Costs can increase in public sector
Framework Agreements and Contracts for several reasons. Suppliers may increase
their prices, or a public sector organisation may need to increase the amount
spent within a Framework Agreement or Contract, which may or may not alter its
value and/or scope.
The maximum worth of a Framework
Agreement or Contract will be determined by the value advertised within the
Tender that led to the public sector Framework Agreement or Contract award.
Regulation 33 of the Public Sector Contracts Regulations 2015 (PCR 2015)
specifies that the maximum length of a public sector Framework Agreement or
Contract can be four years or longer for limited reasons.
Regulation 5 of the PCR 2015 determines
the values at which a public sector Framework Agreement or Contract must be
advertised. The values, including VAT, are determined every two years and are
advised by the UK Government in January of every evenly numbered year.
Regulation 6 of the PCR 2015 governs the
methods for determining the value of a public sector Framework Agreement or
Contract. Public sector organisations must accurately calculate the maximum
value of a Framework Agreement or Contract, generally over four years. The
value must not be calculated to avoid the need for a public sector commercial
pricing exercise.
Where the value of a public sector
Framework Agreement or Contract increases beyond the advertised value of the
Framework Agreement or Contract, or the reason for the cost increase changes
the scope of the Framework Agreement or Contract, the actions required of the
public sector organisation are governed by Regulation 72 of the PCR 2015, which
applies to public sector Framework Agreements or Contracts where:
- The Framework Agreement or Contract value increase
falls above the threshold values stipulated in Regulation 5 of the PCR
2015.
- The advertised value of the Framework Agreement or
Contract has risen by more than 10% for service and supply Framework
Agreements or Contracts, or 15% of the capital value for Works Contracts.
The commercial terms of a Framework
Agreement or Contract will govern how much a Supplier can increase their
prices. If a Supplier increases their costs by more than the amount stipulated
within the Framework Agreement or Contract, the Supplier will breach the
Framework Agreement or Contract if the Terms of the Framework Agreement or
Contract cannot substantiate the reasons for the price increase.

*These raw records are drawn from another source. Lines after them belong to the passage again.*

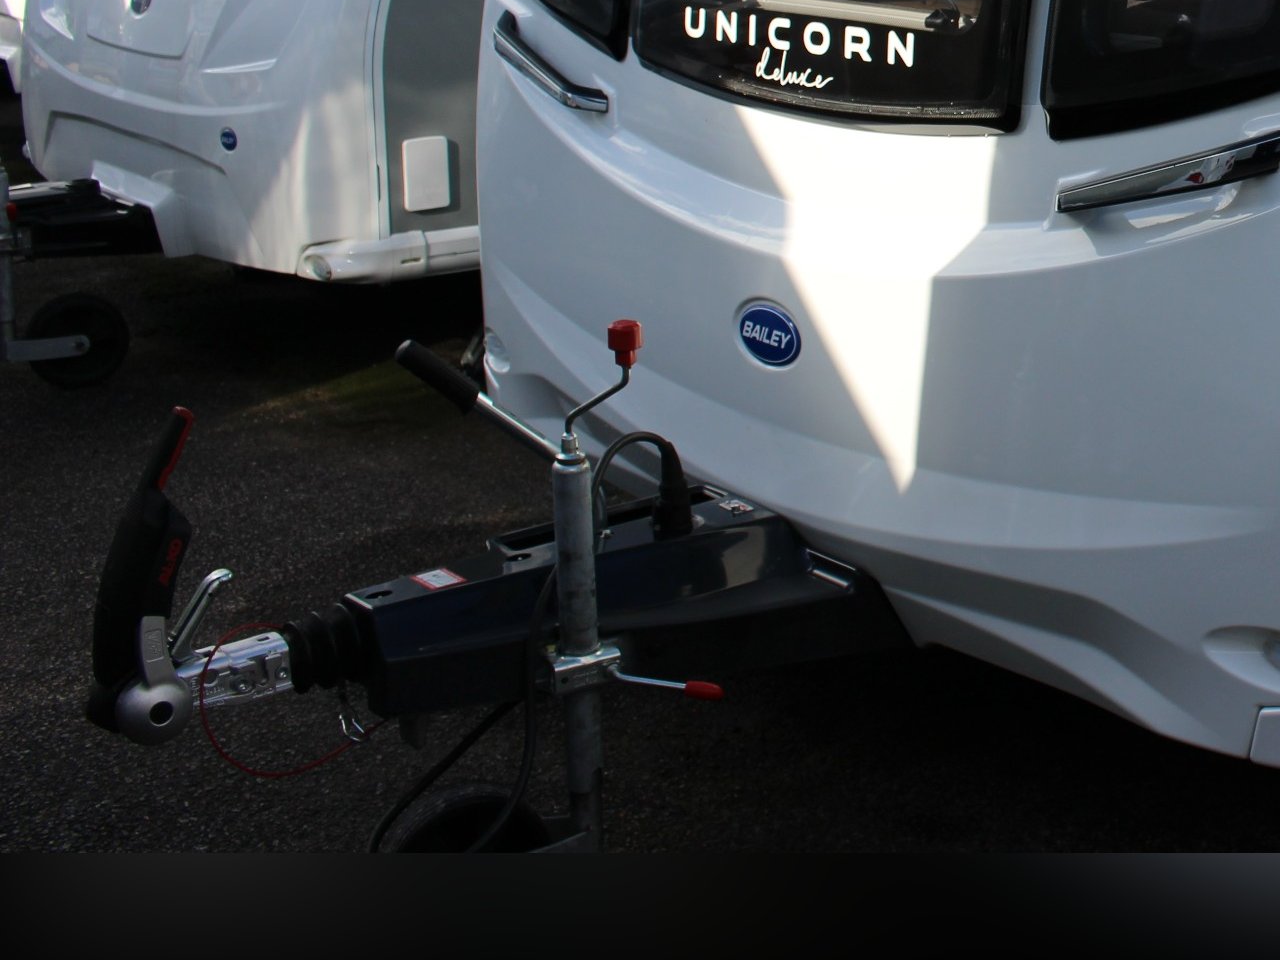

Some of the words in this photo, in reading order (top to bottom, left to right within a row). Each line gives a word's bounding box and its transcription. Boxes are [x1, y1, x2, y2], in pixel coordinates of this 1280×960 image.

[684, 6, 915, 68] UNICORN
[755, 47, 834, 89] deluxe
[742, 320, 791, 349] BAILEY
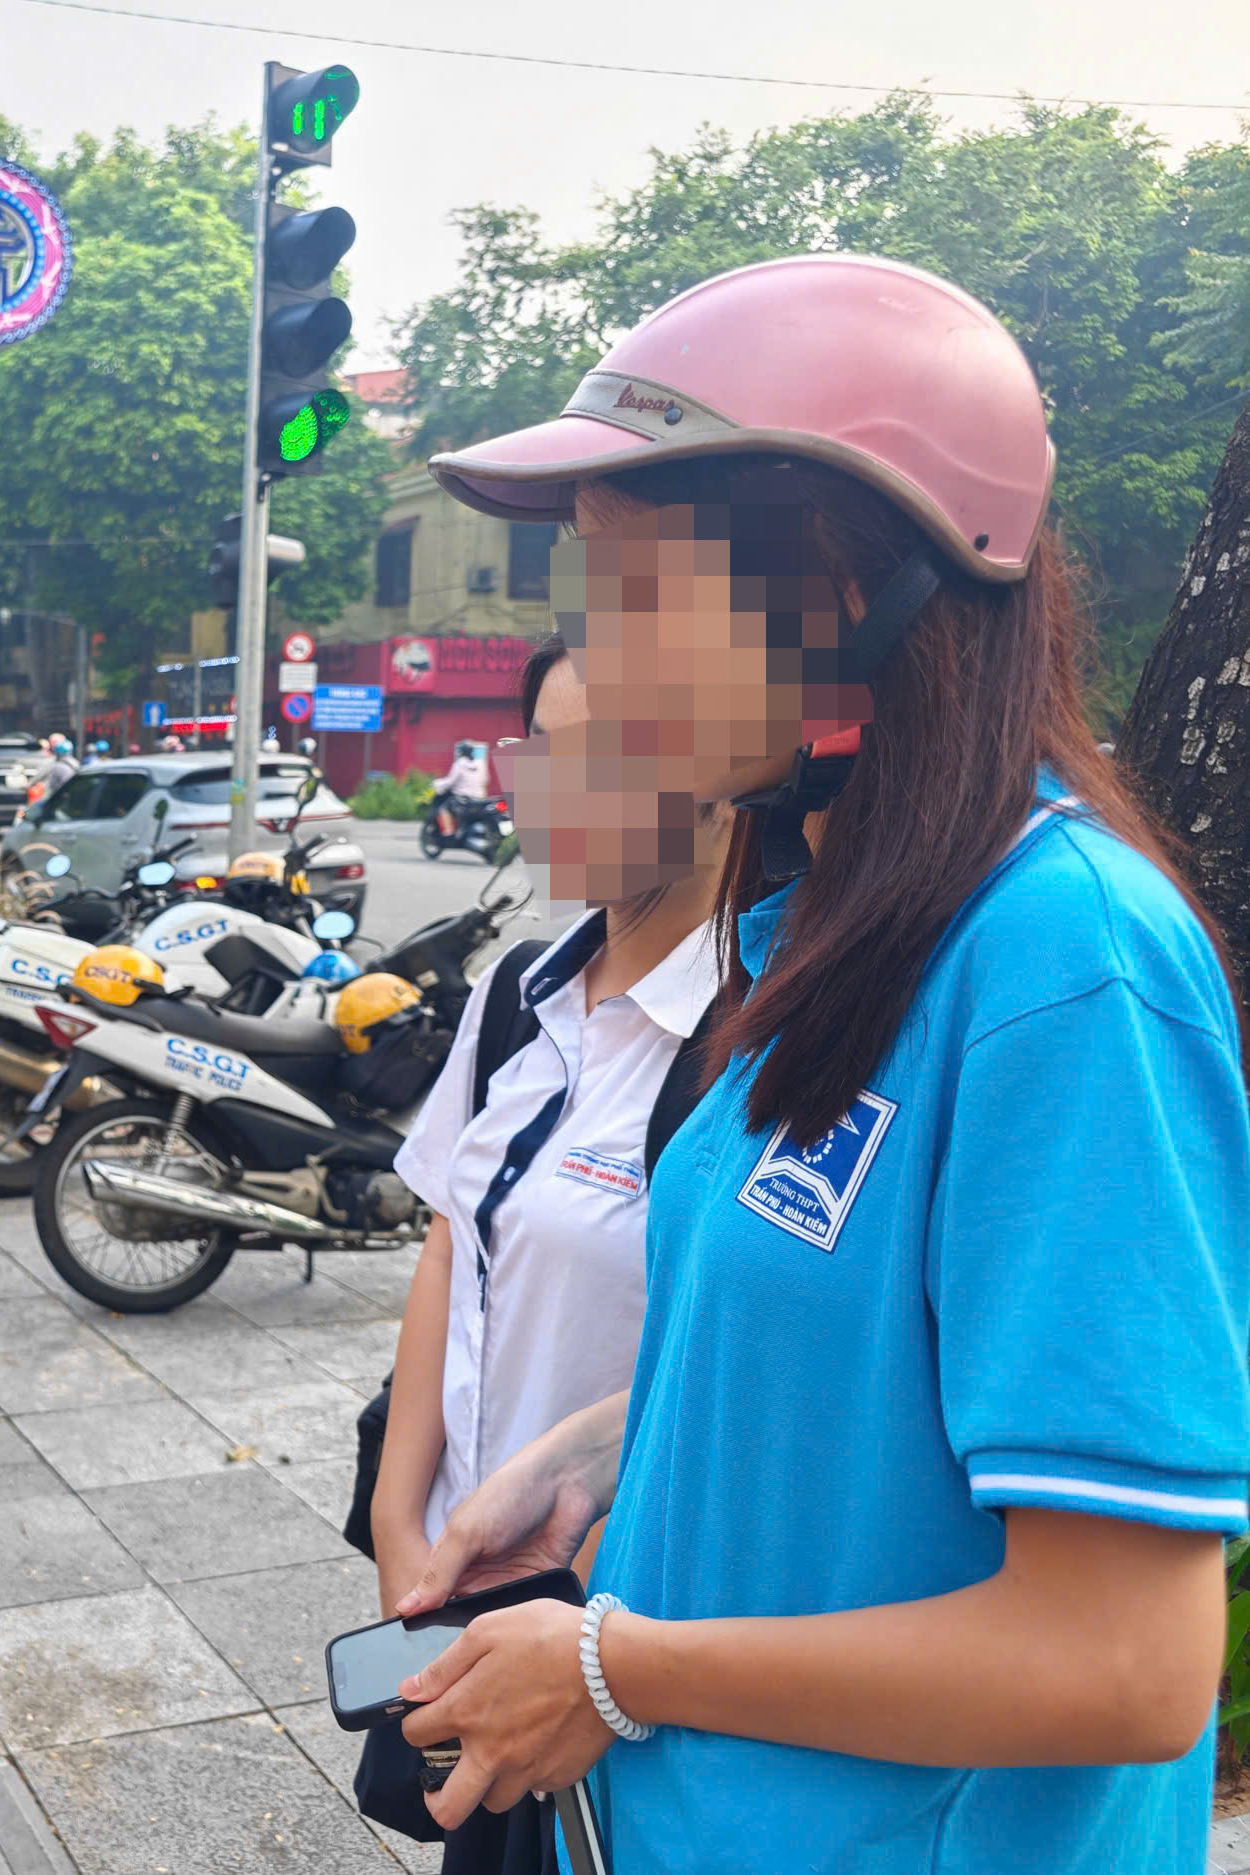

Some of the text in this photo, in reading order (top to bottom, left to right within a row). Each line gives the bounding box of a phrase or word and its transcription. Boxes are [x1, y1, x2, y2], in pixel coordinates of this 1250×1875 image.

[769, 1177, 820, 1213] TRƯỜNG THPT
[782, 1204, 806, 1225] HOÀN

The test of whether a cost increase in a
public sector Framework Agreement or Contract requires a public sector
commercial pricing exercise depends on whether the cost increase is a
“material” increase in costs. Regulation 72 describes several cost increases
that would not trigger a public sector commercial pricing exercise. The
relevant tests are:
- The cost increase does not require modifications to a
Framework Agreement or Contract that renders the Framework Agreement or
Contract materially different, introduce new Terms and Conditions, allow
the acceptance of a Framework Agreement or Contract other than as
specified, change the economic balance of a Framework Agreement or
Contract in favour of a Supplier, extend the scope of a Framework
Agreement or Contract in a way not provided for, or allow the replacement
of a Supplier that was initially awarded a Framework Agreement or Contract
otherwise than provided for within the PCR 2015.

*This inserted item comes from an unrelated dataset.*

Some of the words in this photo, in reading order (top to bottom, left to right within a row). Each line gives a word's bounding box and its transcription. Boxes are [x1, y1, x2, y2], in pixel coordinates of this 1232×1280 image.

- The value of the cost increase is below the threshold
governing the relevant application of the PCR 2015 and 10% of the
Framework Agreement or Contract value for service and supply procurements
or 15% of the value for Works Contracts, provided that the Cost increase
does not alter the overall scope of the relevant Framework Agreement or
Contract.
- Where additional costs have been incurred that were
not included within the public sector commercial pricing exercise and the
Supplier cannot be replaced due to economic or technical reasons without
causing a significant and major inconvenience as well as an increase or
duplication of costs for a public sector organisation, providing that the
increase in costs does not exceed 50% of the value of the original
Framework Agreement or Contract value.
- Where a cost increase modified a Framework Agreement
or Contract that a diligent public sector organisation could not have
reasonably foreseen, providing the modification does not alter the overall
scope of a Framework Agreement or Contract and the cost increase does not
exceed 50% of the value of the original Framework Agreement or Contract.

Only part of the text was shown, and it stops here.